Con mil variantes, porque tenía fácil palabra y sabía decir una misma cosa de mil modos diversos, la niña solía contestar sobre poco más o menos lo que sigue:

—¡Huy, huy, Sr. D. Calixto! ¿Qué es lo que usted me propone? En el silencio de la noche, en la más profunda soledad, nunca estamos solos: Dios nos mira; Dios está presente y no podemos ni debemos ofender a Dios. Mi honra, además, está pura e inmaculada; está por cima de todo; hasta por cima del inmenso amor que usted ha logrado inspirarme. Y vamos… ¿qué diría usted de mí si yo en lo más mínimo faltase a mi deber, echase a rodar mi decoro y me olvidase de la honestidad y del recato con que me ha criado mi cristiana y severa madre? ¡Jesús, María y José! La cara se me caería de vergüenza si yo fuese liviana. Con sobrada razón me despreciaría usted entonces. Haría usted muy bien en abandonarme y en huir de mí como de una criatura depravada y viciosa.

En fin, D.ª Eufemia, con estas y otras frases se defendía todas las noches muy lindamente, aunque, para no descontentar al novio y retenerle cautivo, le otorgaba de vez en cuando y en sazón oportuna, tal cual favorcito, delicado, puro y semiplatónico, como, por ejemplo, abandonarle una de sus blancas y suaves manos, para que él la besase, la acariciase y la tuviese apretada entre las suyas, llegando, en algunos momentos de muy fervorosa pasión, a acercar ella, por entre los hierros de la reja, la virginal y tersa frente, a fin de que él, sin detenerse mucho y al vuelo, pusiese en ella los labios, imprimiendo un ósculo casi místico, con veneración devota, como quien besa una reliquia.

En suma, D.ª Eufemia lo manejó todo tan bien, que D. Calixto, cada día más deseoso y emberrenchinado, acabó por hablar del cura y por proponer el casamiento.

Ella, que no deseaba otra cosa, se mostró llena de gratitud y de amor.

A pesar de todo y a pesar de la grande impaciencia que D. Calixto manifestaba, D.ª Eufemia redobló su austeridad y nunca quiso consentir en favores de más cuenta que los aquí mencionados hasta que al novio y a ella les echase el cura las bendiciones.

Llegó al cabo el suspirado día. El cura se las echó. Don Calixto y D.ª Eufemia fueron marido y mujer.

Aquella noche, muy tarde, casi ya de madrugada, D. Calixto dijo enternecidísimo a su adorada esposa:

—Bien hiciste, dueño mío, en no ceder a mis ruegos. Yo te adoro, pero, si hubieras cedido, hubiera dejado de adorarte, te hubiera despreciado y te hubiera plantado.

Ella, al oír esto, hizo a su marido mil amorosas y conyugales caricias, murmurando palabras ininteligibles y como quien reza. Tal vez daba gracias al cielo por el triunfo que habían obtenido su honestidad y su recato.

Hay, sin embargo, quien asegura que lo que ella dijo entre dientes y él no pudo entender fue:

Grandísimo tonto, pues por eso no cedí yo antes, porque ya había cedido a siete y los siete me habían plantado.

A quién debe darse crédito

Llamaron a la puerta. El mismo tío Pedro salió a abrir y se encontró cara a cara con su compadre Vicentico.

—Buenos días, compadre. ¿Qué buen viento le trae a usted por aquí? ¿Qué se le ofrece a usted?

—Pues nada… confío en su amistad de usted… y espero…

—Desembuche usted, compadre.

—La verdad, yo he podado los olivos, tengo en mi olivar lo menos cinco cargas de leña que quiero traerme a casa y vengo a que me empreste usted su burro.
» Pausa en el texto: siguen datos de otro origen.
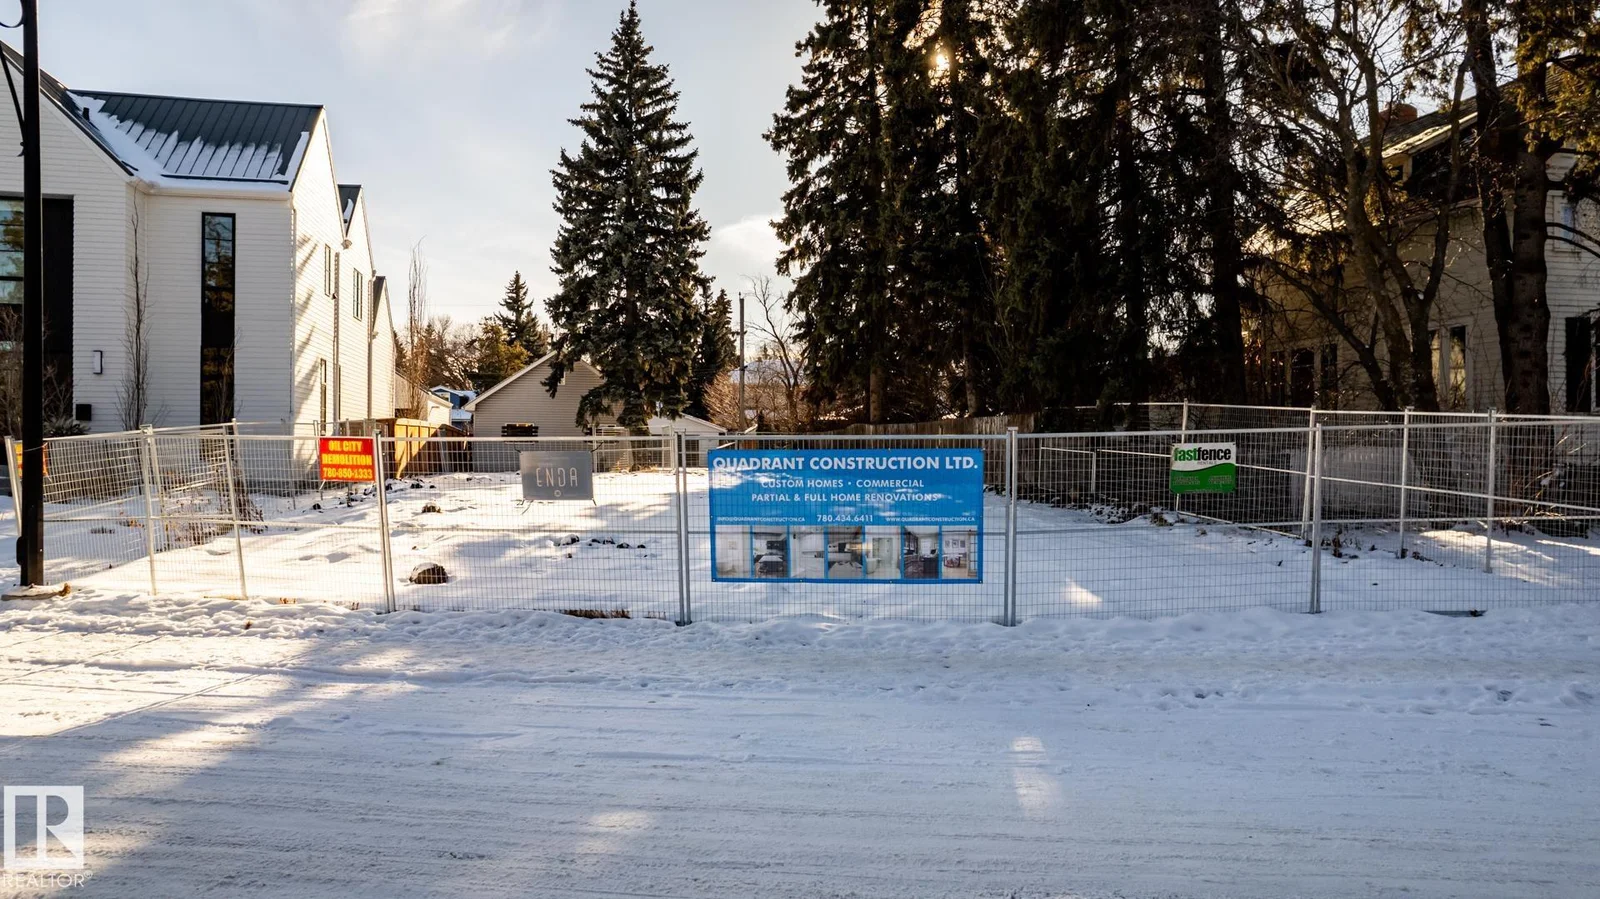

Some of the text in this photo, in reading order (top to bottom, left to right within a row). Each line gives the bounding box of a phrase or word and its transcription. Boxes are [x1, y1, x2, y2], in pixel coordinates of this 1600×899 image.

[328, 440, 363, 452] OIL CITY
[321, 453, 373, 466] DEMOLITION
[1174, 447, 1231, 461] fastfence
[712, 456, 978, 470] QUADRANT CONSTRUCTION LTD.
[322, 467, 373, 479] 780-850-1333
[535, 467, 578, 487] ENDA
[761, 479, 924, 488] CUSTOM HOMES COMMERCIAL
[751, 493, 939, 502] PARTIAL & FULL HOME RENOVATIONS
[816, 514, 873, 522] 780.434.6411
—¡Cuánto lo siento, compadre! Parece que el demonio lo hace. ¡Qué maldita casualidad! Esta mañana se fue mi chico a Córdoba, caballero en el burro. Si no fuera por esto podría usted contar con el burro como si fuese suyo propio. Pero, qué diablos, el burro estará ya lo menos a cuatro leguas de aquí.
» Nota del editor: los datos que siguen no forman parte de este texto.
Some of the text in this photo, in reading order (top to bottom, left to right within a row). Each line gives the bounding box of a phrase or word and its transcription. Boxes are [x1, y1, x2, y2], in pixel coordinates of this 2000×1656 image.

El pícaro del burro, que estaba en la caballeriza, se puso entonces a rebuznar con grandes bríos.

El que le pedía prestado dijo con enojo:

—No creía yo, tío Pedro, que usted fuese tan cicatero que para no hacerme este pequeño servicio, se valiese de un engaño. El burro está en casa.

—Oiga usted —replicó el tío Pedro—. Quien aquí debe enojarse soy yo.